• [Problem details]: Return all of the material that follows, keeping each line exactly as it is.

● ● ●

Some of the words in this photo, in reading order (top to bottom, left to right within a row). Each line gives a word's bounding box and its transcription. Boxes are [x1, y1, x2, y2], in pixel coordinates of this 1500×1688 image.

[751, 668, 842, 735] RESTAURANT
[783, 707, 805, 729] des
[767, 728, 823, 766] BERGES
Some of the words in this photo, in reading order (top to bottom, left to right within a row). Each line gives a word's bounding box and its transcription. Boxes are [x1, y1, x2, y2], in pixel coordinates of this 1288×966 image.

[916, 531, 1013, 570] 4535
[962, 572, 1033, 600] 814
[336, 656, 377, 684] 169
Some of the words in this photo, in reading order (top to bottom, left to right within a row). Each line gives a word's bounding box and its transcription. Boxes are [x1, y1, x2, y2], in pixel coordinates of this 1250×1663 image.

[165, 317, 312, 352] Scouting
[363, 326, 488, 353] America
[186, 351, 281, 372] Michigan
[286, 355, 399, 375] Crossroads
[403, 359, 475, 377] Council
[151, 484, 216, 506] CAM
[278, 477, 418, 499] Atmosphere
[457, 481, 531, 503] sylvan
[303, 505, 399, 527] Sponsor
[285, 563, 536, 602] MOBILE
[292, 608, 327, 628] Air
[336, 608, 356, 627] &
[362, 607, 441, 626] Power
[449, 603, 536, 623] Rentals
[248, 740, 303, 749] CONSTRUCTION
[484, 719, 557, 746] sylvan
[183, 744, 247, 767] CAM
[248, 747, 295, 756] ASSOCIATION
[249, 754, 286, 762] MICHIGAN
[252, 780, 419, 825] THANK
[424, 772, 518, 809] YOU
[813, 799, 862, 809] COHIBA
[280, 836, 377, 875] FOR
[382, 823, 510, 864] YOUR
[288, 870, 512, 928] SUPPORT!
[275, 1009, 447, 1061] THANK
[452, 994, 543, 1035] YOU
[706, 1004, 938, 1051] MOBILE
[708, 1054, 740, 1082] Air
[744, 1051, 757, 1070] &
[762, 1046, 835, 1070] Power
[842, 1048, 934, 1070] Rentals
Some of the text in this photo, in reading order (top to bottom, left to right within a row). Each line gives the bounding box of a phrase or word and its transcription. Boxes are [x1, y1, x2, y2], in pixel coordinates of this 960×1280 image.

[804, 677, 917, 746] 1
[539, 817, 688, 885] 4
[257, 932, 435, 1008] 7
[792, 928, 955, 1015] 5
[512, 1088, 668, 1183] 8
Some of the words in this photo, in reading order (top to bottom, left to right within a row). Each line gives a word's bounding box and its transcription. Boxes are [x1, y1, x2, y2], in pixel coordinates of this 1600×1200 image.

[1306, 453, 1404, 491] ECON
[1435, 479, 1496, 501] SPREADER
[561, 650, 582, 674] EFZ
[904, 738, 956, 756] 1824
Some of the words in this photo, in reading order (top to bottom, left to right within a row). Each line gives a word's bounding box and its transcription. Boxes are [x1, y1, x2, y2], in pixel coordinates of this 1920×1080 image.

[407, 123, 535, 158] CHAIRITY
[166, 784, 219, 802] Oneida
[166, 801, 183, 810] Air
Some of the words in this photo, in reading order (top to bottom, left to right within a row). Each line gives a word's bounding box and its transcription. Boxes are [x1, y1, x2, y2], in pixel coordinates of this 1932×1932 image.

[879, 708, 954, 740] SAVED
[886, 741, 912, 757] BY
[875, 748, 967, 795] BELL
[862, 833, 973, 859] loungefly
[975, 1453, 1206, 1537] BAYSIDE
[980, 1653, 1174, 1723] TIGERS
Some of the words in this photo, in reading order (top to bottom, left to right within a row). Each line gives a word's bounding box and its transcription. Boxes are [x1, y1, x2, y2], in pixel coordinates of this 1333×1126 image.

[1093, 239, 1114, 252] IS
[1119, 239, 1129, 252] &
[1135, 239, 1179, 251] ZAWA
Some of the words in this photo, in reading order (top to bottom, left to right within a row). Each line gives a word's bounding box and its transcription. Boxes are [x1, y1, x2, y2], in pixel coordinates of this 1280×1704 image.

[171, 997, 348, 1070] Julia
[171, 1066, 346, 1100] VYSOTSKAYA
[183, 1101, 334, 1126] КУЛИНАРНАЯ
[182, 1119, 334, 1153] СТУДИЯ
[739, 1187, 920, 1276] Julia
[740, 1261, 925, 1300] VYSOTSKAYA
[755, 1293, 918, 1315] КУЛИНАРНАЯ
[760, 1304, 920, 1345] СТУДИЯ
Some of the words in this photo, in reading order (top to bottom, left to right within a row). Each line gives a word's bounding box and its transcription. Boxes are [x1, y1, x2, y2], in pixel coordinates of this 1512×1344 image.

● ● ●

• [Output for this exercise]:
Some of the words in this photo, in reading order (top to bottom, left to right within a row). Each line gives a word's bounding box and its transcription. Boxes are [x1, y1, x2, y2], in pixel coordinates of this 1500×1688 image.

[751, 668, 842, 735] RESTAURANT
[783, 707, 805, 729] des
[767, 728, 823, 766] BERGES
Some of the words in this photo, in reading order (top to bottom, left to right within a row). Each line gives a word's bounding box and its transcription. Boxes are [x1, y1, x2, y2], in pixel coordinates of this 1288×966 image.

[916, 531, 1013, 570] 4535
[962, 572, 1033, 600] 814
[336, 656, 377, 684] 169
Some of the words in this photo, in reading order (top to bottom, left to right within a row). Each line gives a word's bounding box and its transcription. Boxes are [x1, y1, x2, y2], in pixel coordinates of this 1250×1663 image.

[165, 317, 312, 352] Scouting
[363, 326, 488, 353] America
[186, 351, 281, 372] Michigan
[286, 355, 399, 375] Crossroads
[403, 359, 475, 377] Council
[151, 484, 216, 506] CAM
[278, 477, 418, 499] Atmosphere
[457, 481, 531, 503] sylvan
[303, 505, 399, 527] Sponsor
[285, 563, 536, 602] MOBILE
[292, 608, 327, 628] Air
[336, 608, 356, 627] &
[362, 607, 441, 626] Power
[449, 603, 536, 623] Rentals
[248, 740, 303, 749] CONSTRUCTION
[484, 719, 557, 746] sylvan
[183, 744, 247, 767] CAM
[248, 747, 295, 756] ASSOCIATION
[249, 754, 286, 762] MICHIGAN
[252, 780, 419, 825] THANK
[424, 772, 518, 809] YOU
[813, 799, 862, 809] COHIBA
[280, 836, 377, 875] FOR
[382, 823, 510, 864] YOUR
[288, 870, 512, 928] SUPPORT!
[275, 1009, 447, 1061] THANK
[452, 994, 543, 1035] YOU
[706, 1004, 938, 1051] MOBILE
[708, 1054, 740, 1082] Air
[744, 1051, 757, 1070] &
[762, 1046, 835, 1070] Power
[842, 1048, 934, 1070] Rentals
Some of the text in this photo, in reading order (top to bottom, left to right within a row). Each line gives the bounding box of a phrase or word and its transcription. Boxes are [x1, y1, x2, y2], in pixel coordinates of this 960×1280 image.

[804, 677, 917, 746] 1
[539, 817, 688, 885] 4
[257, 932, 435, 1008] 7
[792, 928, 955, 1015] 5
[512, 1088, 668, 1183] 8
Some of the words in this photo, in reading order (top to bottom, left to right within a row). Each line gives a word's bounding box and its transcription. Boxes are [x1, y1, x2, y2], in pixel coordinates of this 1600×1200 image.

[1306, 453, 1404, 491] ECON
[1435, 479, 1496, 501] SPREADER
[561, 650, 582, 674] EFZ
[904, 738, 956, 756] 1824
Some of the words in this photo, in reading order (top to bottom, left to right within a row). Each line gives a word's bounding box and its transcription. Boxes are [x1, y1, x2, y2], in pixel coordinates of this 1920×1080 image.

[407, 123, 535, 158] CHAIRITY
[166, 784, 219, 802] Oneida
[166, 801, 183, 810] Air
Some of the words in this photo, in reading order (top to bottom, left to right within a row). Each line gives a word's bounding box and its transcription. Boxes are [x1, y1, x2, y2], in pixel coordinates of this 1932×1932 image.

[879, 708, 954, 740] SAVED
[886, 741, 912, 757] BY
[875, 748, 967, 795] BELL
[862, 833, 973, 859] loungefly
[975, 1453, 1206, 1537] BAYSIDE
[980, 1653, 1174, 1723] TIGERS
Some of the words in this photo, in reading order (top to bottom, left to right within a row). Each line gives a word's bounding box and its transcription. Boxes are [x1, y1, x2, y2], in pixel coordinates of this 1333×1126 image.

[1093, 239, 1114, 252] IS
[1119, 239, 1129, 252] &
[1135, 239, 1179, 251] ZAWA
Some of the words in this photo, in reading order (top to bottom, left to right within a row). Each line gives a word's bounding box and its transcription. Boxes are [x1, y1, x2, y2], in pixel coordinates of this 1280×1704 image.

[171, 997, 348, 1070] Julia
[171, 1066, 346, 1100] VYSOTSKAYA
[183, 1101, 334, 1126] КУЛИНАРНАЯ
[182, 1119, 334, 1153] СТУДИЯ
[739, 1187, 920, 1276] Julia
[740, 1261, 925, 1300] VYSOTSKAYA
[755, 1293, 918, 1315] КУЛИНАРНАЯ
[760, 1304, 920, 1345] СТУДИЯ
Some of the words in this photo, in reading order (top to bottom, left to right within a row). Each line gives a word's bounding box and its transcription. Boxes are [x1, y1, x2, y2], in pixel coordinates of this 1512×1344 image.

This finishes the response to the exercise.